=== Brief ===
Because the images are not wanted, restate every line below word for word without them.

+++ Working data +++

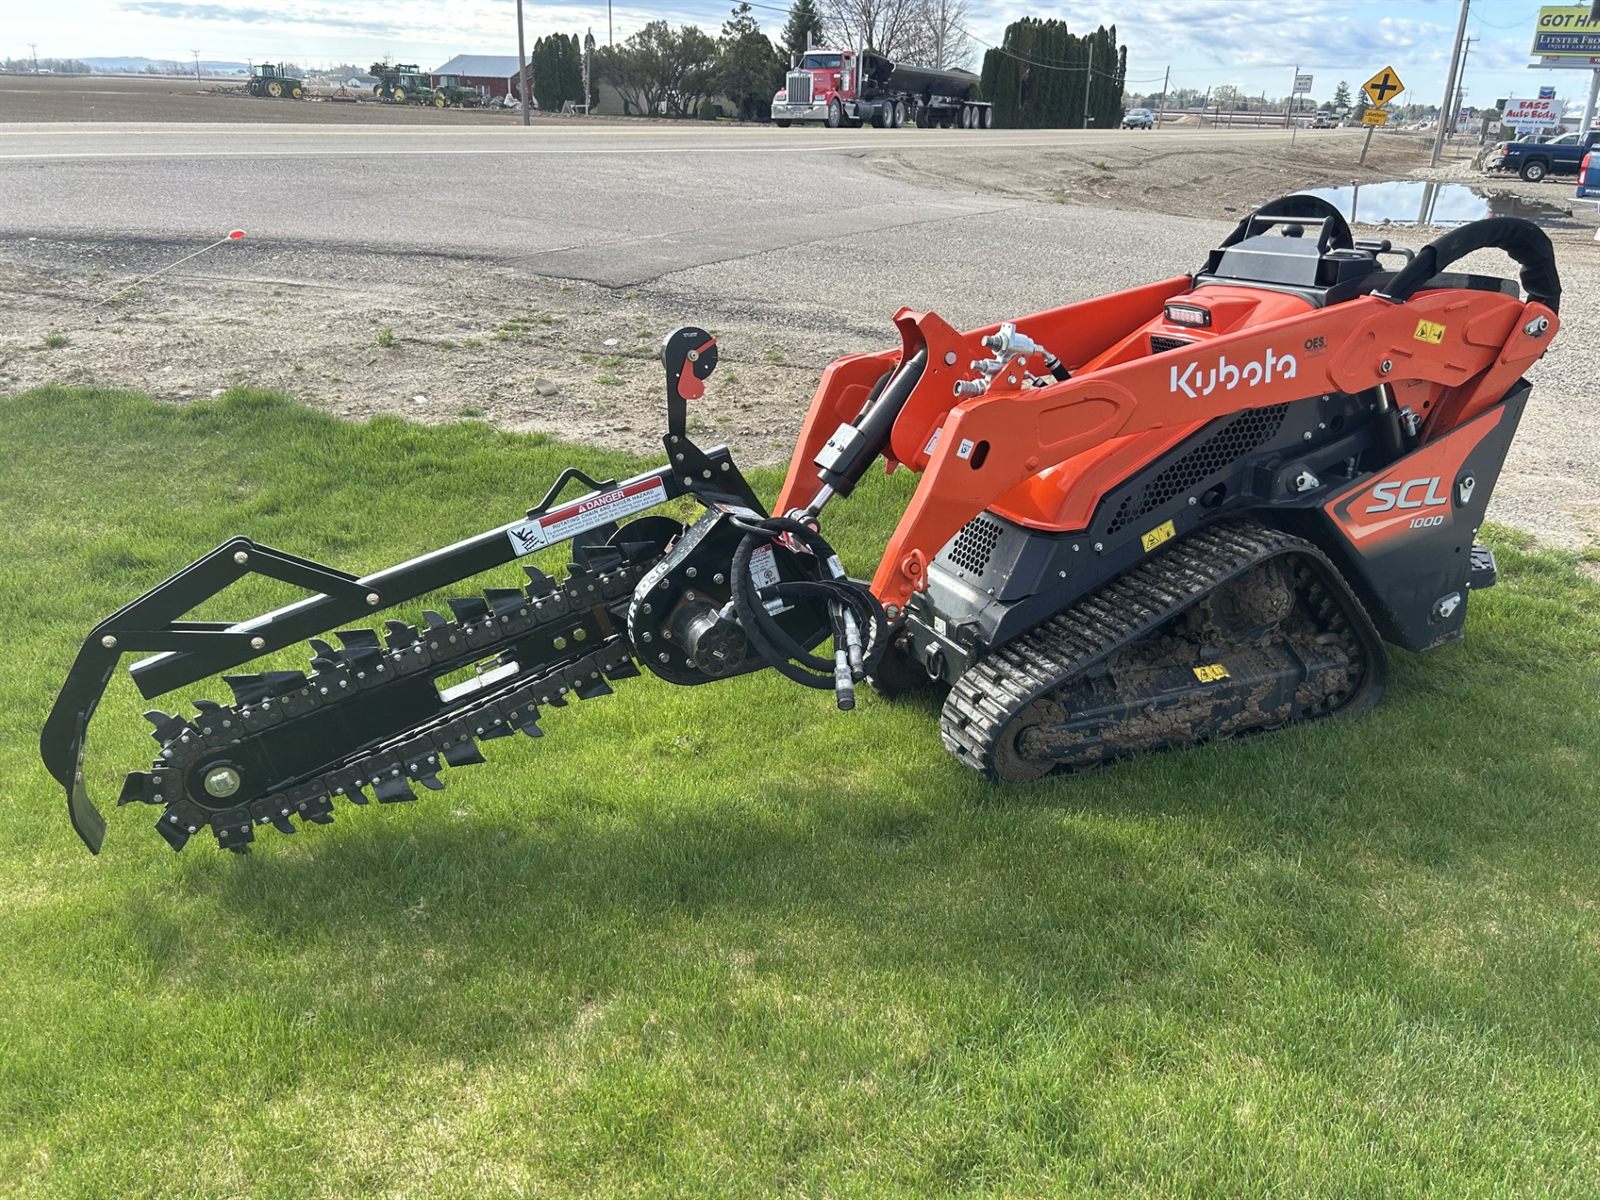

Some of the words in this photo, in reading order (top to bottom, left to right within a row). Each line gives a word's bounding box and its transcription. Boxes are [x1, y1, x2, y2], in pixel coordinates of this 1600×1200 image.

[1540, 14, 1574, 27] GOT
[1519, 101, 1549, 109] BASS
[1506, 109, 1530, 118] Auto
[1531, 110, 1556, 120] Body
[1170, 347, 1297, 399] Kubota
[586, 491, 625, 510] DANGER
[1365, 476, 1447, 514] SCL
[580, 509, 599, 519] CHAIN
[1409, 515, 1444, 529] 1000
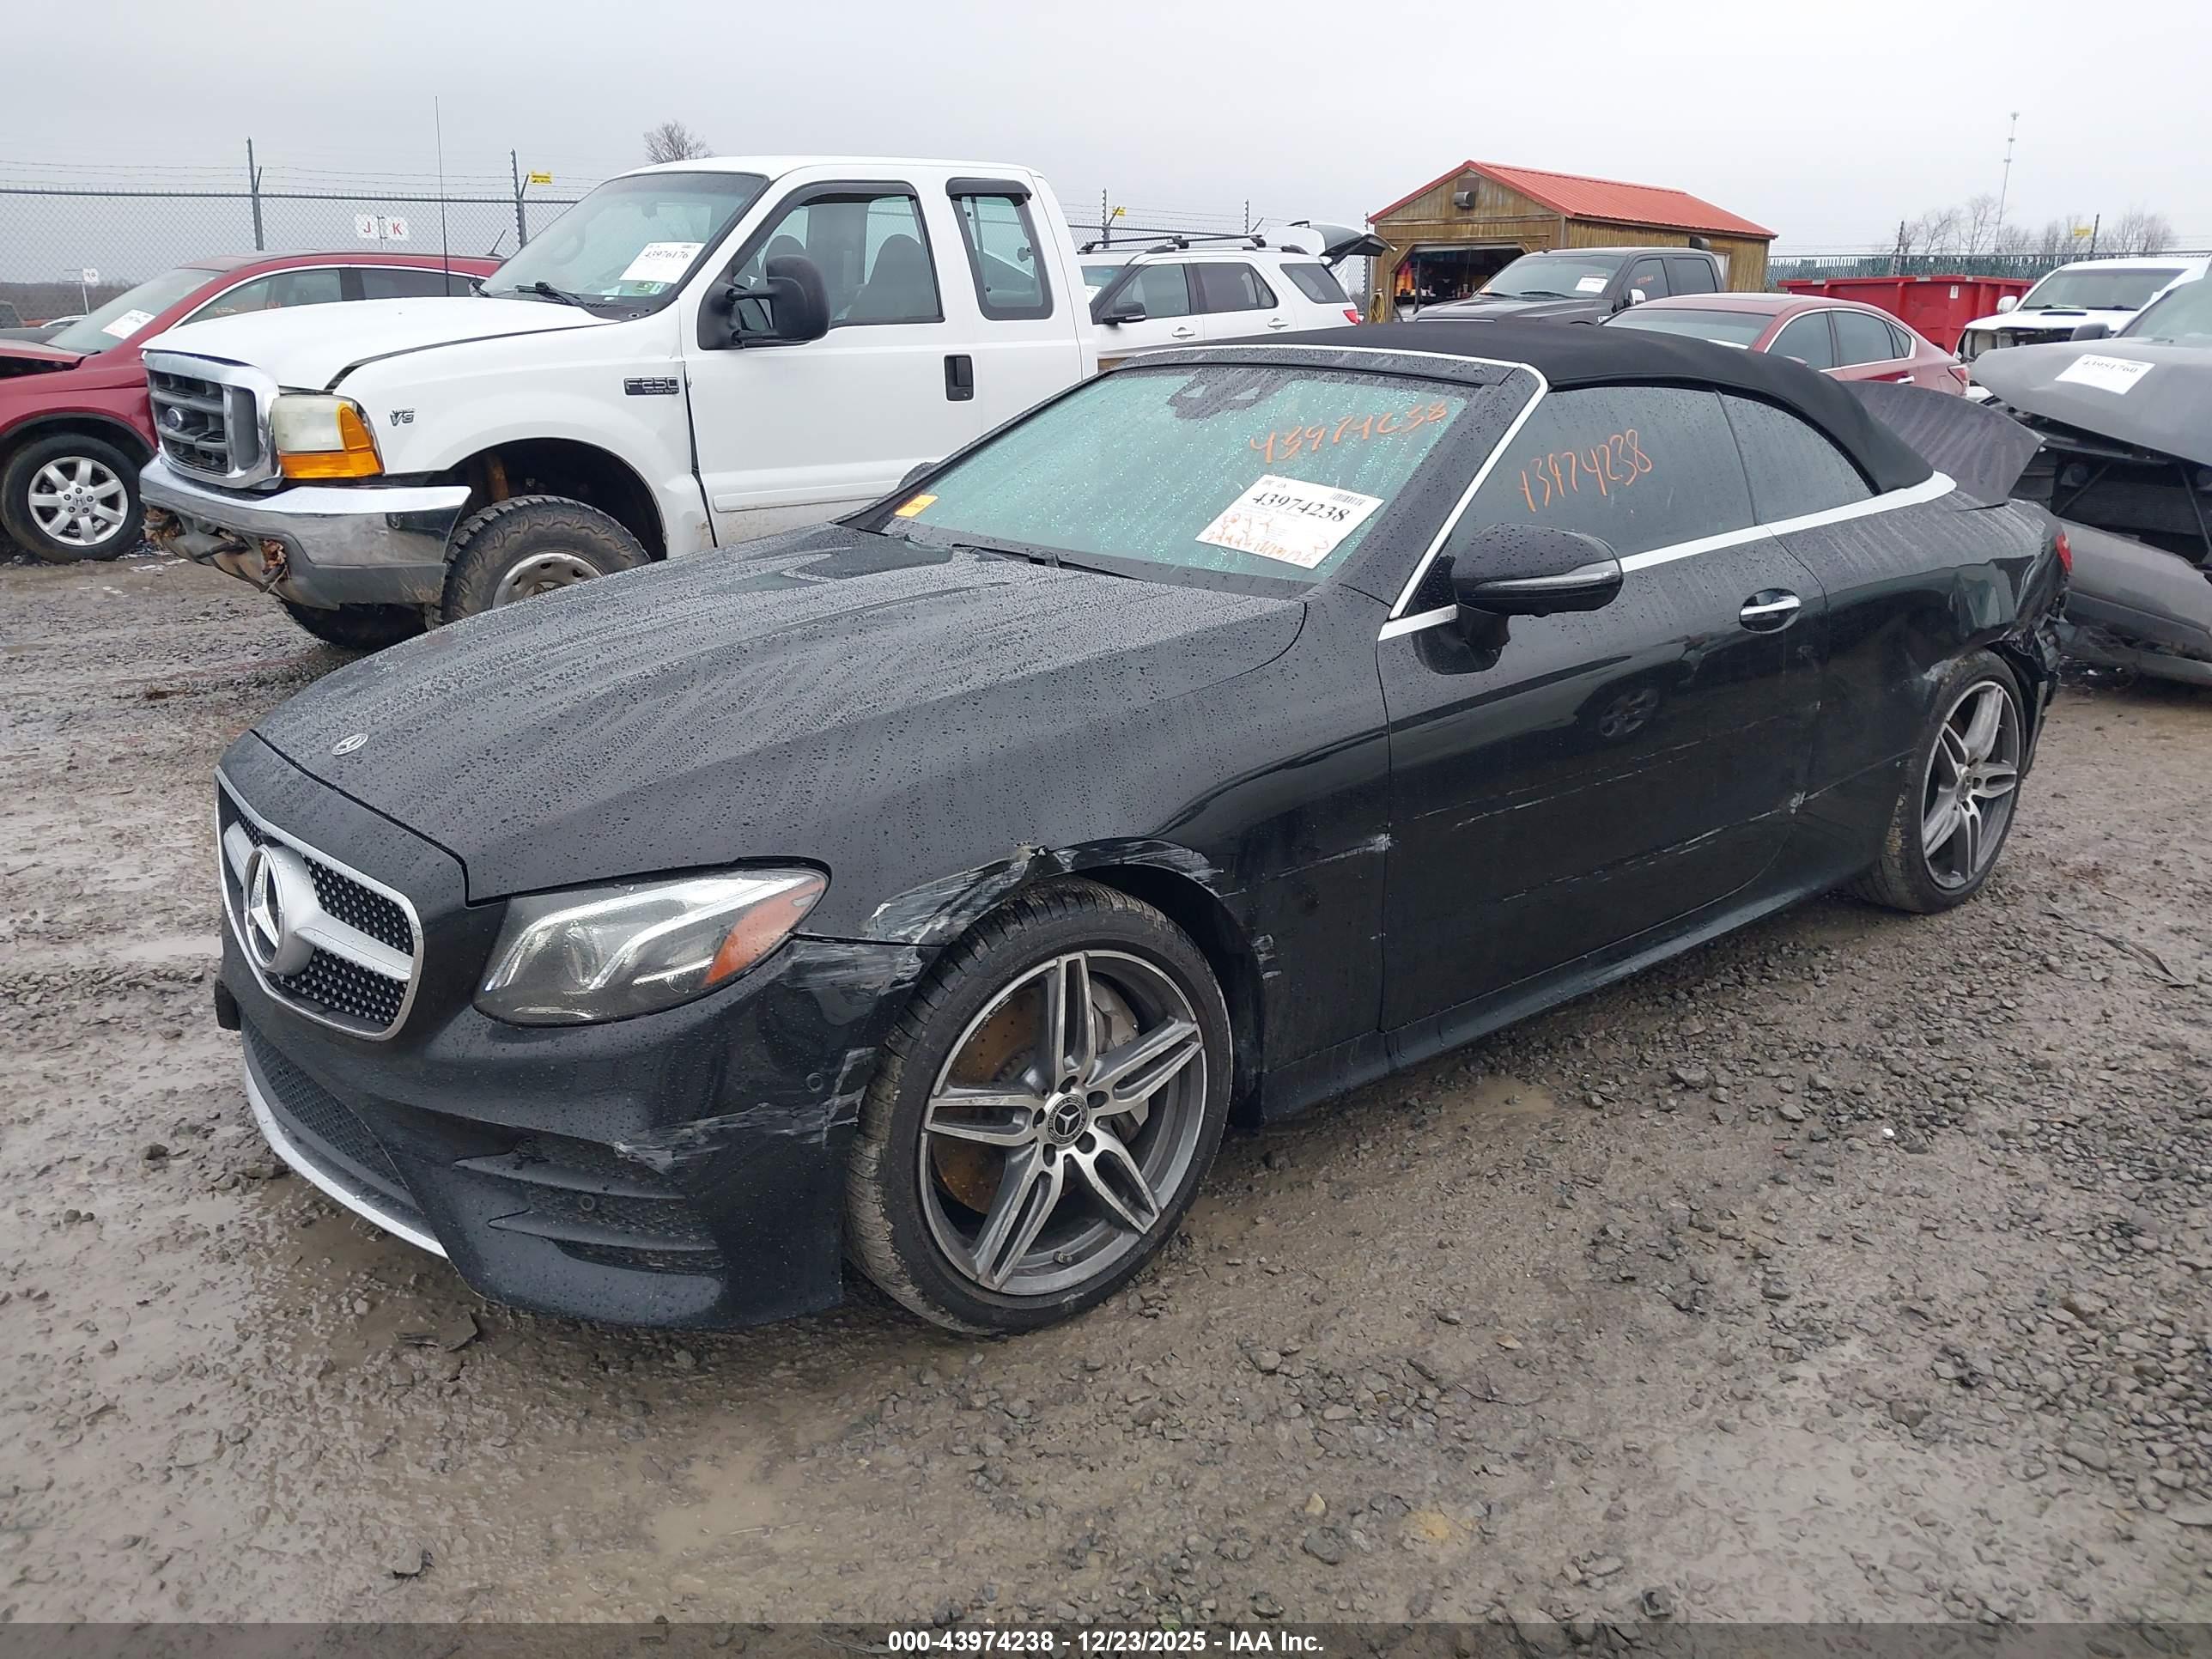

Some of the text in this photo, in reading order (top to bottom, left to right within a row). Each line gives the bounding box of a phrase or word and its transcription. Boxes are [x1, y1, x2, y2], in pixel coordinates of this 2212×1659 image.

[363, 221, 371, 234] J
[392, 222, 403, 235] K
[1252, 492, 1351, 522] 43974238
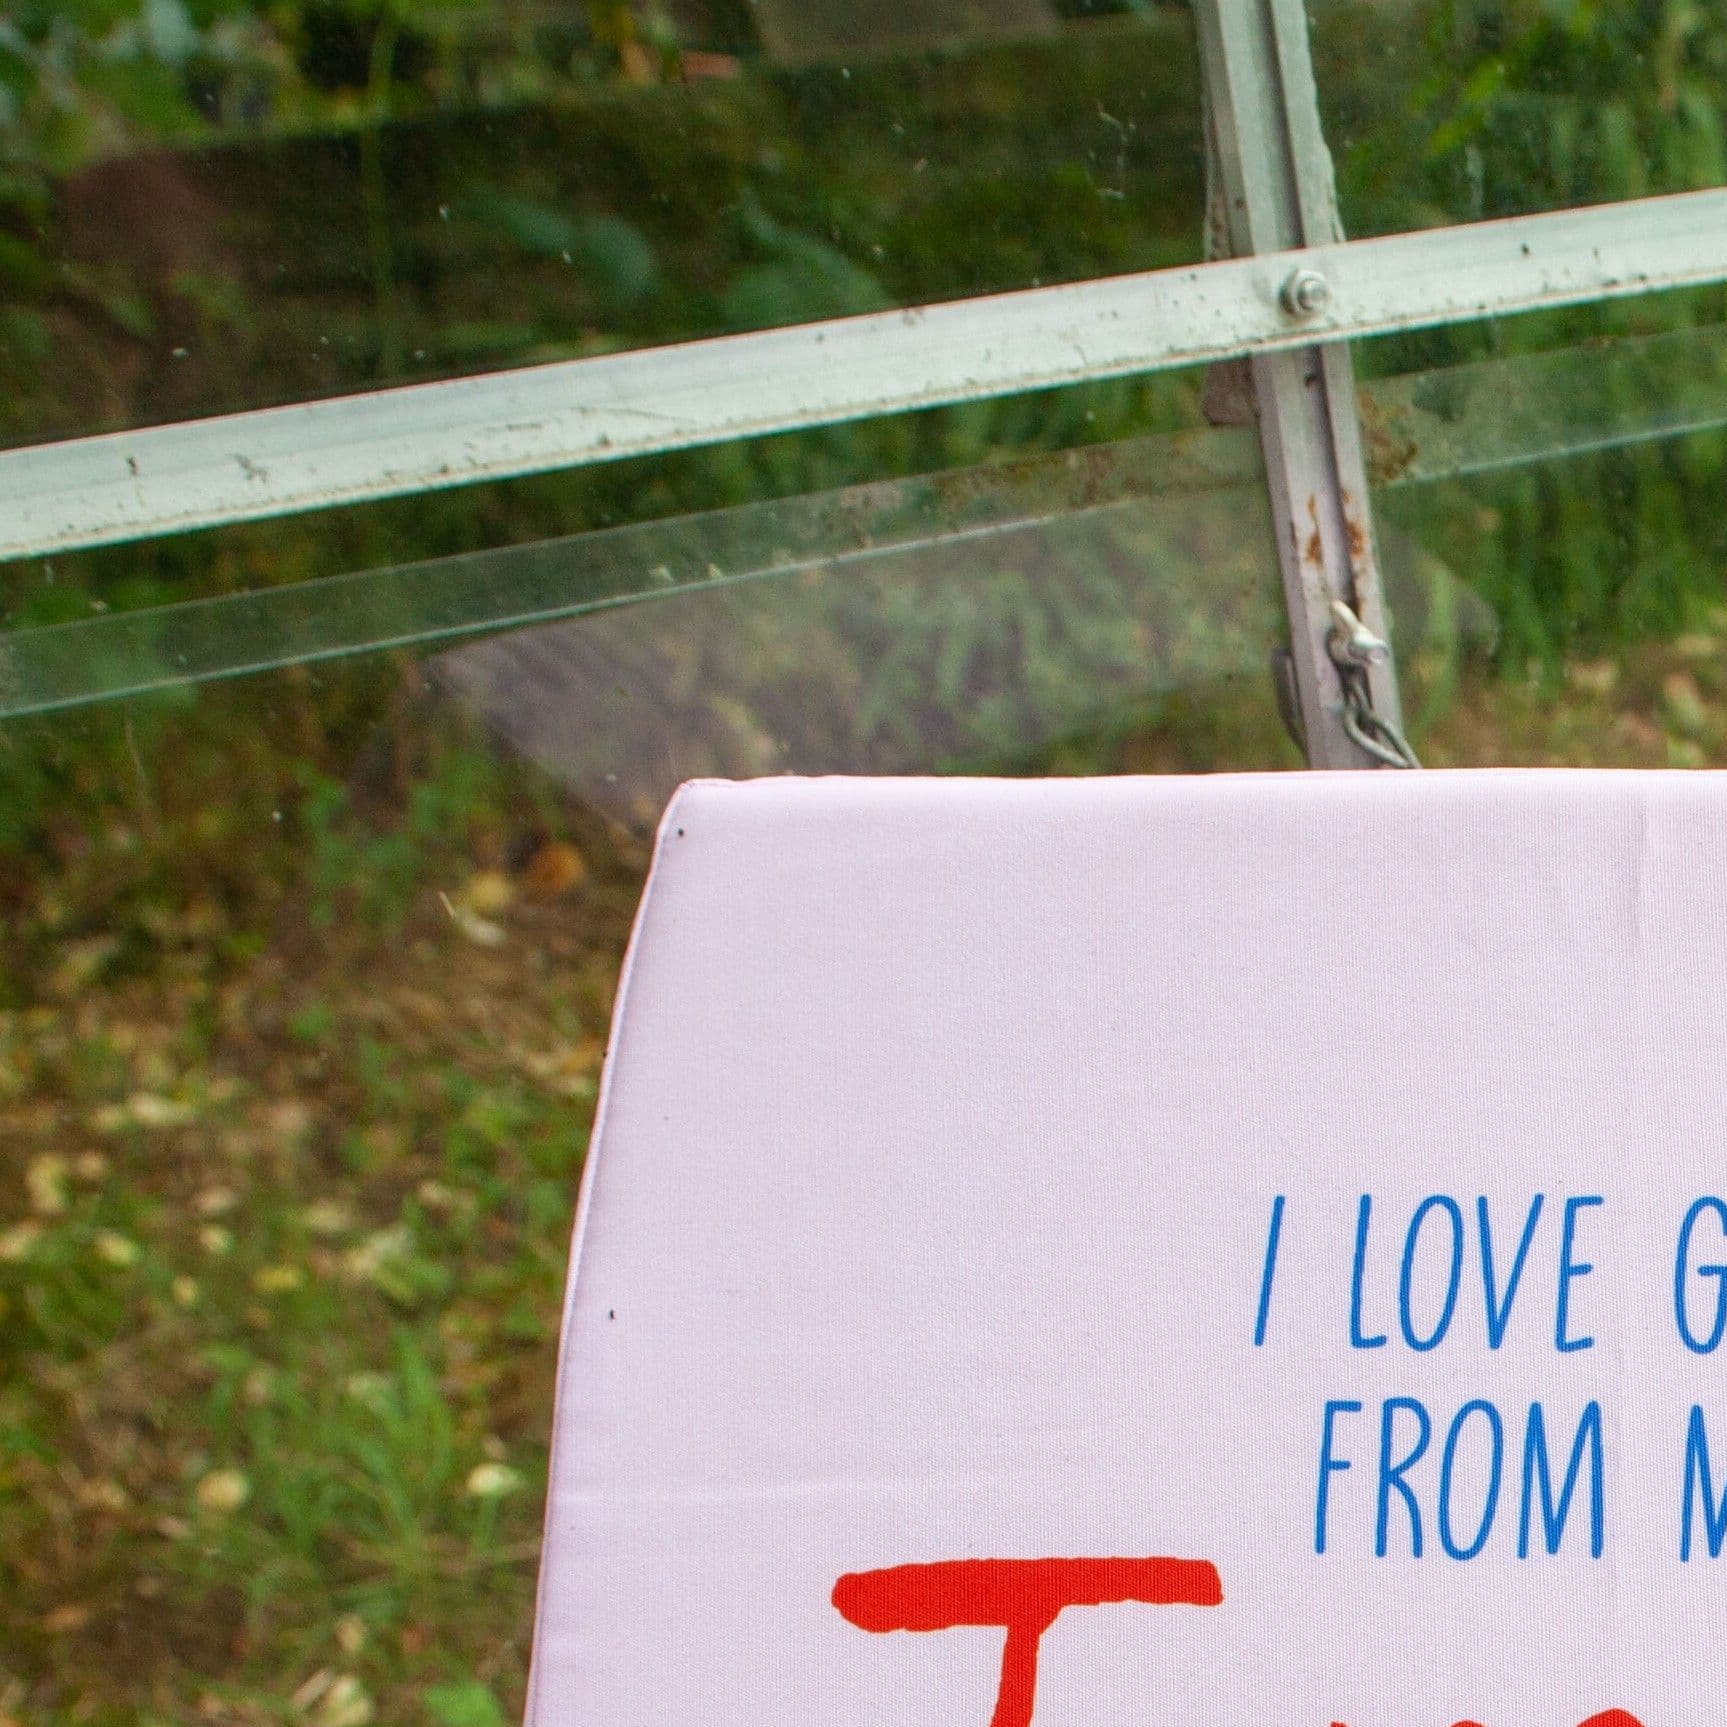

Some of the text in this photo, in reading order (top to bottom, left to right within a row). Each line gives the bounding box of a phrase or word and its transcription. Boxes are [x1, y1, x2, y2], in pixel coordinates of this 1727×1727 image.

+++

=== Result of this exercise ===
Some of the words in this photo, in reading order (top to bottom, left to right within a row). Each line gives a word's bounding box and its transcription. Boxes are [x1, y1, x2, y2], in pixel coordinates of this 1600×1200 image.

[1540, 14, 1574, 27] GOT
[1519, 101, 1549, 109] BASS
[1506, 109, 1530, 118] Auto
[1531, 110, 1556, 120] Body
[1170, 347, 1297, 399] Kubota
[586, 491, 625, 510] DANGER
[1365, 476, 1447, 514] SCL
[580, 509, 599, 519] CHAIN
[1409, 515, 1444, 529] 1000

Some of the text in this photo, in reading order (top to bottom, left to right within a row). Each line gives the bounding box of a phrase or word and its transcription. Boxes are [x1, y1, x2, y2], in pixel coordinates of this 2212×1659 image.

[363, 221, 371, 234] J
[392, 222, 403, 235] K
[1252, 492, 1351, 522] 43974238

Some of the text in this photo, in reading order (top to bottom, left to right within a row). Each line gives the bounding box of a phrase or word and its transcription. Boxes are [x1, y1, x2, y2], in pixel coordinates of this 1727×1727 image.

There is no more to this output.